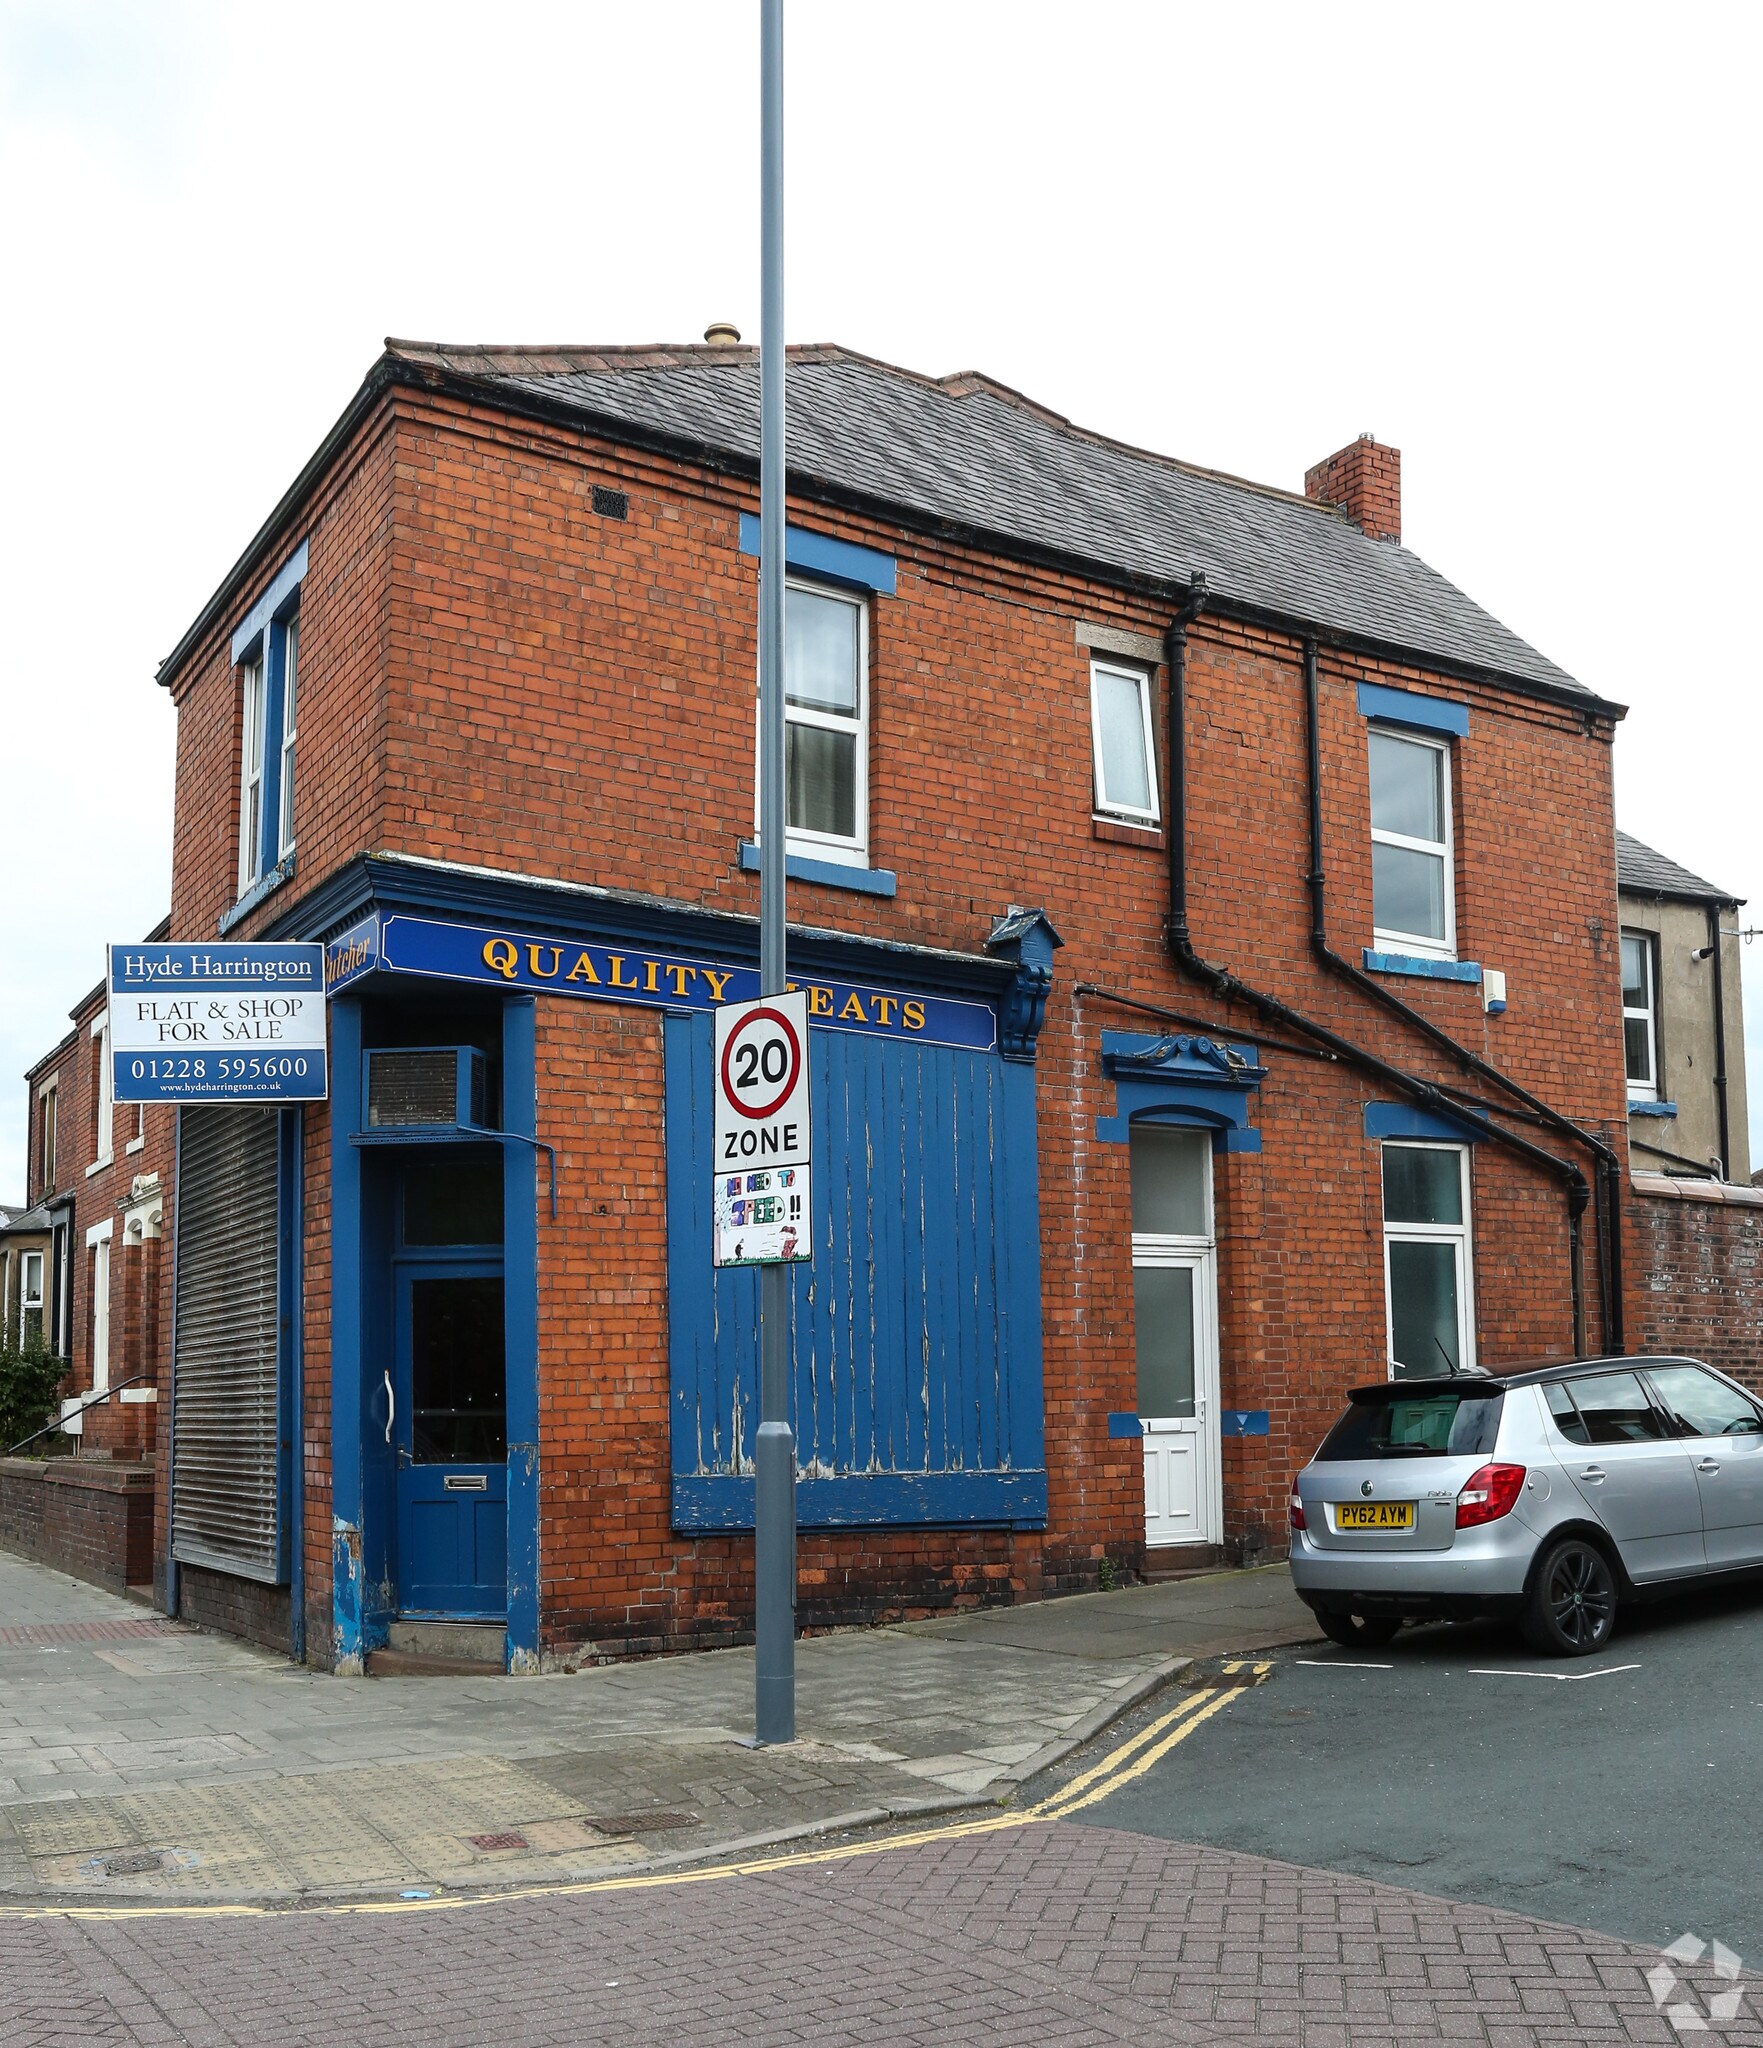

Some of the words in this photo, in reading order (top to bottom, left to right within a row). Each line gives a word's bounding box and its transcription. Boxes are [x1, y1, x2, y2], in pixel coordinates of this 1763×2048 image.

[124, 955, 183, 982] Hyde
[190, 955, 312, 982] Harrington
[482, 938, 734, 1002] QUALITY
[785, 982, 926, 1030] EATS
[137, 1001, 199, 1021] FLAT
[208, 1001, 229, 1019] &
[238, 999, 303, 1018] SHOP
[158, 1022, 209, 1042] FOR
[222, 1021, 283, 1040] SALE
[131, 1059, 206, 1079] 01228
[218, 1057, 308, 1079] 595600
[735, 1038, 788, 1089] 20
[159, 1081, 281, 1092] www.hydeharrington.co.uk
[724, 1123, 798, 1159] ZONE
[746, 1172, 771, 1193] NEED
[777, 1169, 796, 1188] TO
[1342, 1507, 1375, 1524] PY62
[1380, 1506, 1406, 1523] AYM

:: Task ::
Retype the data above exactly. Leave the pictures out.

:: Expected answer ::
Some of the words in this photo, in reading order (top to bottom, left to right within a row). Each line gives a word's bounding box and its transcription. Boxes are [x1, y1, x2, y2], in pixel coordinates of this 1763×2048 image.

[124, 955, 183, 982] Hyde
[190, 955, 312, 982] Harrington
[482, 938, 734, 1002] QUALITY
[785, 982, 926, 1030] EATS
[137, 1001, 199, 1021] FLAT
[208, 1001, 229, 1019] &
[238, 999, 303, 1018] SHOP
[158, 1022, 209, 1042] FOR
[222, 1021, 283, 1040] SALE
[131, 1059, 206, 1079] 01228
[218, 1057, 308, 1079] 595600
[735, 1038, 788, 1089] 20
[159, 1081, 281, 1092] www.hydeharrington.co.uk
[724, 1123, 798, 1159] ZONE
[746, 1172, 771, 1193] NEED
[777, 1169, 796, 1188] TO
[1342, 1507, 1375, 1524] PY62
[1380, 1506, 1406, 1523] AYM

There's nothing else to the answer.